Stobie: From the beginning, we worked with an organization in
Berkeley called the Alliance for Technology Access, a network of assistive technology
advocates started in the ’80s by the mother of Shoshana, whom we see in the film.
There are over forty ATA centers throughout the United States, so when we started
looking for characters, we went to the directors in several different places
because we wanted to show a wide variety of people from different parts of the
country and from all age groups. But how do you survey the fields and also make
it a personal story? We visited many of these centers throughout the United States
and we did dozens of interviews. I was just instantly drawn to each of the people
in this film. One of the complaints that I heard constantly while I was making
this film was that there are so few role models for people with disabilities
in the media, especially in some areas of the country where people are terribly
isolated. The people in the film really wanted to tell their stories and I just
opened the door.
POV: How did you capture the experience of using assistive technologies?
Stobie: That was one of the really crucial aspects of the film. You can’t look at too many laptop computers, computer screens, and keyboards. I’ve seen other filmmakers try to do that, but it just doesn’t work. We wanted to let the issues of technology and accessibility come out through people’s day-to-day experiences, where universal truths come through.
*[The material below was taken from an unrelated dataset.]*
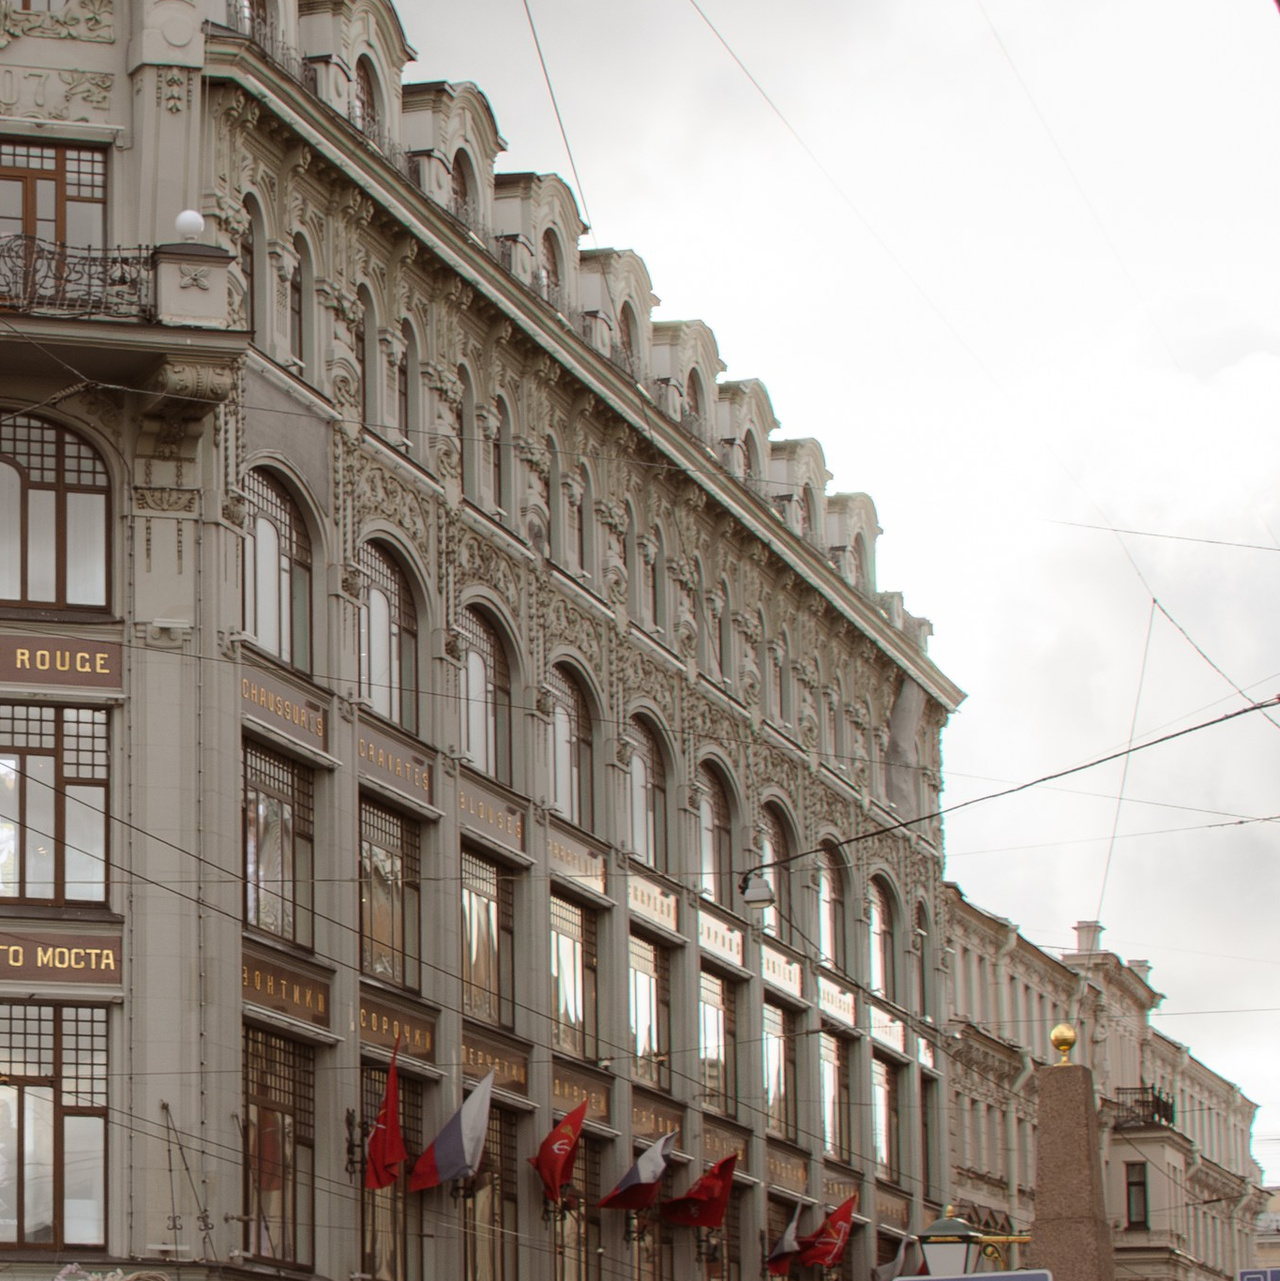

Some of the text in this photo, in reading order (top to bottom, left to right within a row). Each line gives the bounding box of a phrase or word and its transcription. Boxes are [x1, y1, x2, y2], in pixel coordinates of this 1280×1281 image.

[15, 648, 111, 674] ROUGE
[36, 946, 116, 971] МОСТА
[242, 966, 325, 1014] ЗОНТИКИ
[359, 1008, 432, 1050] СОРОЧКИ
Technology is technology. It’s wonderful and it can really make a difference in people’s lives, but we wanted to get a general audience interested in this issue, so we needed to look at people’s lives.
POV: What are your hopes for the film?
Stobie: A study done a few years before the film got started
found that only 25 or 30 percent of people with disabilities use any kind of
assistive technology. What they realized was that the people one would normally
ask about technology — teachers, health care providers, community technology
centers — had very little knowledge of assistive technology themselves.
That’s what we’re hoping the film will be really useful for. We want viewers
to ask questions like, “How do I get that?” and to seek out more information
about particular technologies. There are tools out there that can really make
a difference in people’s lives.
We also want to let people with disabilities know that there are laws that guarantee their rights to participate in this society on an equal footing with everyone else. Thirty years ago, a law was passed guaranteeing an equal education to children with disabilities. When that law was passed one million children — one million — entered the public school system. There are 54 million people in this country with disabilities, and as our population ages, that number is just going to grow by leaps and bounds. It is a huge part of our society that affects all of us. One purpose of the film is to let people know about the activism that has brought about these laws. There’s a core group of activists within the disability community who have made enormous changes for people. They have fought for opening up the public schools, they have fought for making technology accessible, making public places and private places accessible, fought for very big changes, culminating in the Americans With Disabilities Act in 1990.
POV: Where do we stand now, and what more needs to be done?
Stobie: I was in Thailand and Spain recently. In other countries, there are no curb cuts. There’s so much more work to be done in this country, but the United States is still a leader in the world when it comes to accessibility in the workplace, in public spaces, in transportation, and a leader in civil rights laws.
I think the most important thing that people need to look at right now, in this country, is resources for independent living. It’s actually much less expensive than putting someone in a nursing home forever. But sadly, there doesn’t seem to be much change in that direction. Resources are still going to the outdated and limited model of care-taking, which has a very limited definition of what a person with disabilities is, can be, can do.